Those two things really helped improve my riding. :shrug:


I _have_ been curious about the Focus Boas stiffness. >


----------



## Donutz (May 12, 2010)

Fit is a very individual thing. My foot might be a little wide across the ball. The important lesson is: make sure your local store has a performance / return guarantee (Boardroom does), and save the receipt and the box until you're sure you have a boot that fits. If it hurts, return them immediately.


----------



## LALUNE (Feb 23, 2017)

I really wish M4 fits me, nose bridge being too flat is always my problem. Wish Burton decides to make some Asian fit version of them.


----------



## Donutz (May 12, 2010)

LALUNE said:


> I really wish M4 fits me, nose bridge being too flat is always my problem. Wish Burton decides to make some Asian fit version of them.


There is definitely an Asian-fit version of the M4s. I almost bought them by mistake at Comor a couple of weeks ago. The salescritter caught it and got me the same colorway in, uh, Euro-fit?


Just google "M4 goggle Asian fit"


----------



## freshy (Nov 18, 2009)

I just got me some M3s at 40% off and I am super stoked to take them out soon.


----------



## smellysell (Oct 29, 2018)

freshy said:


> I just got me some M3s at 40% off and I am super stoked to take them out soon.


You snag the ones off ST? 

Sent from my SM-G950U using Tapatalk


----------



## SnowDragon (Apr 23, 2012)

Donutz, which Helly Hansen base layer did you buy?
The "HH Warm"?

I find those are warmer than anything I've had from Under Armour.
I definitely wouldn't wear the Warm on a spring day - too hot!

Edit: I just checked the HH Canadian web site.
Looks like they have changed the name of the "Warm" to "Lifa Merino", which is a blend of polyester and merino.
They also have an all merino base layer - Merino Mid.


----------



## freshy (Nov 18, 2009)

smellysell said:


> freshy said:
> 
> 
> > I just got me some M3s at 40% off and I am super stoked to take them out soon.
> ...


No I was in Vancouver hitting the clearance stores on W4th


----------



## LALUNE (Feb 23, 2017)

Donutz said:


> There is definitely an Asian-fit version of the M4s. I almost bought them by mistake at Comor a couple of weeks ago. The salescritter caught it and got me the same colorway in, uh, Euro-fit?
> 
> 
> Just google "M4 goggle Asian fit"


Damn they really exist! But it seems they are mainly in Europe and Japan market and even amazon US doesn't have much color options.


----------



## Myoko (Dec 11, 2018)

Some 'Strapins' made a big difference to both my riding and boot fit and I am hoping a new pair of Oakley Flight Deck Goggles will be the big boost this year


----------



## Donutz (May 12, 2010)

A follow-up on some items:

I still like the M4s, but I ordered some spare masks from Burton and they came with the magnets reversed, so that the mask repels the goggles instead of snapping into place. Sadly, you can't lever the magnets out of the nose-pieces. Burton was responsive, though, and sent me replacements right away. In fact, they were so quick, I suspect this is a known problem.

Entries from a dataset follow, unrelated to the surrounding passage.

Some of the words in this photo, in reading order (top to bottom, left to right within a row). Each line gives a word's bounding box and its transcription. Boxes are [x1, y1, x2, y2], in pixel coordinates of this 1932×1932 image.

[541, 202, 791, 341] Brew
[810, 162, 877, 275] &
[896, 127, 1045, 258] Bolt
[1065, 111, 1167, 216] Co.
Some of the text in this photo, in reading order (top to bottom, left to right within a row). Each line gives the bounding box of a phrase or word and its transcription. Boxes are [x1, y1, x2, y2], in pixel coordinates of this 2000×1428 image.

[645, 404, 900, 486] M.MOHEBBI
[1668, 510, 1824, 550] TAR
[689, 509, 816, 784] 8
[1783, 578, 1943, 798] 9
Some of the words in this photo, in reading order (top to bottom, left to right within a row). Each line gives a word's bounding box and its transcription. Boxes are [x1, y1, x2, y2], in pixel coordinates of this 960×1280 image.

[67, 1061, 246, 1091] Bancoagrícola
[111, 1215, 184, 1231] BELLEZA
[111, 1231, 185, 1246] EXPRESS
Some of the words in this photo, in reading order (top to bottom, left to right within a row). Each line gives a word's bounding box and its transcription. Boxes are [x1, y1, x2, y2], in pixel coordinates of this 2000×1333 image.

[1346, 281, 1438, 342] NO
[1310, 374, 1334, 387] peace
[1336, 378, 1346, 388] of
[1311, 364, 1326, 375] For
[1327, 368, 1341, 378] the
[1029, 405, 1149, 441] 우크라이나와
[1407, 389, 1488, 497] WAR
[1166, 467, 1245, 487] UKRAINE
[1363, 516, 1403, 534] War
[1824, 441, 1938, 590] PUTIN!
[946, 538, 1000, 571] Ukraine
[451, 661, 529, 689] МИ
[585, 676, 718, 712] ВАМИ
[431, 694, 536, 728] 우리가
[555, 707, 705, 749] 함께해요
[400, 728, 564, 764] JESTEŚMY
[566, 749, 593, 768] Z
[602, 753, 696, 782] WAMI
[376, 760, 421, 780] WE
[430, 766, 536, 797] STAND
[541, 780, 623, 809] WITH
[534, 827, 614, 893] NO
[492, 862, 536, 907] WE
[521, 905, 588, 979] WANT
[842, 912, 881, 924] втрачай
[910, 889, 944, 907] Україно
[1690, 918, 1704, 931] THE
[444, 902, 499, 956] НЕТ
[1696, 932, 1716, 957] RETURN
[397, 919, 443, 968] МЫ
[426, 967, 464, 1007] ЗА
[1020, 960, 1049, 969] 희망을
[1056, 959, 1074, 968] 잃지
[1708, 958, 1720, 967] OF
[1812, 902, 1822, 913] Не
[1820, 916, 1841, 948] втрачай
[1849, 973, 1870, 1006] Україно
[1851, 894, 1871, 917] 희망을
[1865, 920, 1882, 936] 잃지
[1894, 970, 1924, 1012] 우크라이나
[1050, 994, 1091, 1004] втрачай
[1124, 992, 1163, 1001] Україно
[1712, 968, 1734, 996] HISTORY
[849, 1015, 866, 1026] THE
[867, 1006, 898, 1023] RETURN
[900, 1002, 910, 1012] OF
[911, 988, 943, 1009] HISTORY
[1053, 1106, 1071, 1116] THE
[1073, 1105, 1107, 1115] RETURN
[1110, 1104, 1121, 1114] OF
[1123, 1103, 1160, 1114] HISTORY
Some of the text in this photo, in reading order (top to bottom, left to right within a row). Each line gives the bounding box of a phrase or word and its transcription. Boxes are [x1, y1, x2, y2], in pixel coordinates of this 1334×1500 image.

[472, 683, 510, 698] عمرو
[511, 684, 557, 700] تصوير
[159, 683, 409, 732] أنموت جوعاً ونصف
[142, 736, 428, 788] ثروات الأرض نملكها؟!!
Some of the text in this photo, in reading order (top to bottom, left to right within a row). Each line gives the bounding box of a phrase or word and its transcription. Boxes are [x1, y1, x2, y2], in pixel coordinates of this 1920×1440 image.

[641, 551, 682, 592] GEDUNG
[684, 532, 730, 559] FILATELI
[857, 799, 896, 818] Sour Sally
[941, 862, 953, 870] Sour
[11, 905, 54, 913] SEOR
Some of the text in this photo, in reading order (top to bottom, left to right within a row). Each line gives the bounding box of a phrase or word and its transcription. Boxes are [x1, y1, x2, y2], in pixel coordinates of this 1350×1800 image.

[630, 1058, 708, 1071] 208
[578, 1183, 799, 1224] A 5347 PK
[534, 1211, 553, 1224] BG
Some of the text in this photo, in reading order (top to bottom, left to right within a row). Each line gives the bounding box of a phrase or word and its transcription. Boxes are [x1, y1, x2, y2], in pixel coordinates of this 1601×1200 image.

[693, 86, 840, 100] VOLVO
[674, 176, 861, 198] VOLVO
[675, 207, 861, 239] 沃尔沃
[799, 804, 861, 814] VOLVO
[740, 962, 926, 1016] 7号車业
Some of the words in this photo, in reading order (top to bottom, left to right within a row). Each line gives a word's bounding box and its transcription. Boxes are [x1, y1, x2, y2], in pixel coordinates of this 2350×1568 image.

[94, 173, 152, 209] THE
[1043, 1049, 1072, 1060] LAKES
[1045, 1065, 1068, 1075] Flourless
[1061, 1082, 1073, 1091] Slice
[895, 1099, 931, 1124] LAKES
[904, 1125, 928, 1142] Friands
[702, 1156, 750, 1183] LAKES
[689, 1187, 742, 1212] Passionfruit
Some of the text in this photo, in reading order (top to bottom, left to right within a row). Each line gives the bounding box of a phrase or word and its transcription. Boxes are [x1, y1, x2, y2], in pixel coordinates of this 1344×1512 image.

I took the Binarys in to the shop and got them heat-molded. I used them today, with not a trace of foot pain. It may just turn out to be that simple. Today was a short session, but I feel confident enough to try a full day with them.

On the binding front, I've bought another set of Flows for my new Heritage, and I have to say, I just absolutely love Flows. If I'm going to use bucklers, I'll go with Rome, but I just can't see enough of an advantage to the bucklers to warrant using them.


----------



## smellysell (Oct 29, 2018)

Donutz said:


> A follow-up on some items:
> 
> 
> 
> ...


Any good, older (aka cheap) Flows you'd recommend? Always wanted to try them, and figure if ever there is a time it's on my new to me Darwin. 

Sent from my SM-G950U using Tapatalk


----------



## Donutz (May 12, 2010)

smellysell said:


> Any good, older (aka cheap) Flows you'd recommend? Always wanted to try them, and figure if ever there is a time it's on my new to me Darwin.
> 
> Sent from my SM-G950U using Tapatalk



Fives were the first one I bought. I think for a test, you'll want to get something cheap just to see if you like the configuration. Then if you do, look at something more spendy with better response.


----------